◆ Task prompt: Copy each record below exactly, please, and leave its pictures out.

◆ Information given:
- - -

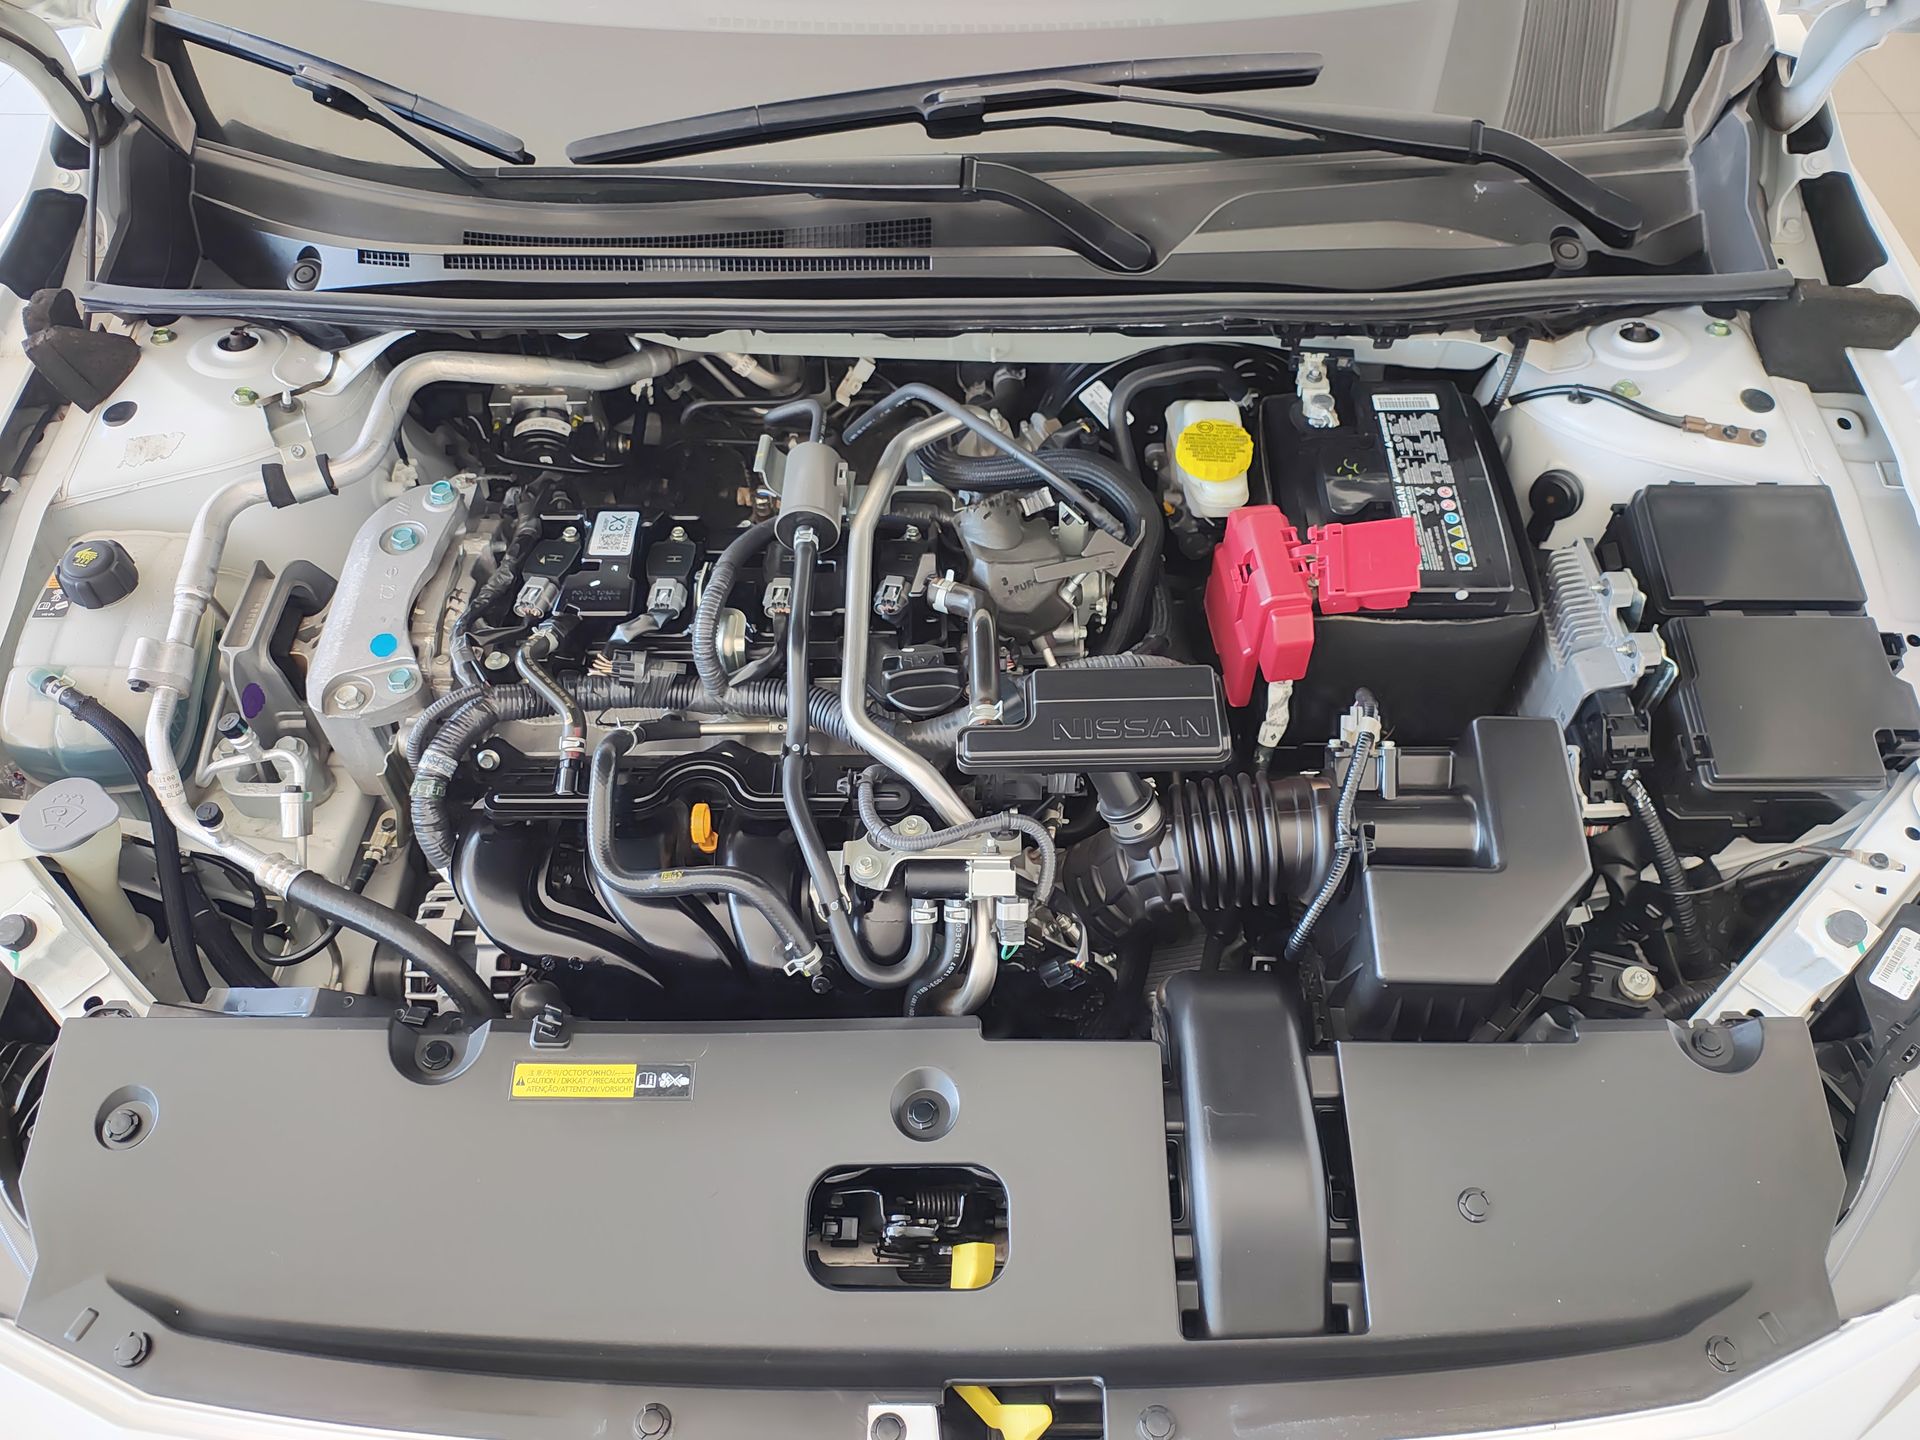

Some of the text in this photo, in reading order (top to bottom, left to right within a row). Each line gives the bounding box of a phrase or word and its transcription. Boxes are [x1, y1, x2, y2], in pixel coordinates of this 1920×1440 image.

[1395, 485, 1412, 518] ISSAN
[608, 515, 627, 532] X3
[1052, 715, 1211, 741] NISSAN
[526, 1077, 556, 1085] CAUTION

- - -

◆ Reply to the exercise:
Some of the text in this photo, in reading order (top to bottom, left to right within a row). Each line gives the bounding box of a phrase or word and its transcription. Boxes are [x1, y1, x2, y2], in pixel coordinates of this 1920×1440 image.

[1395, 485, 1412, 518] ISSAN
[608, 515, 627, 532] X3
[1052, 715, 1211, 741] NISSAN
[526, 1077, 556, 1085] CAUTION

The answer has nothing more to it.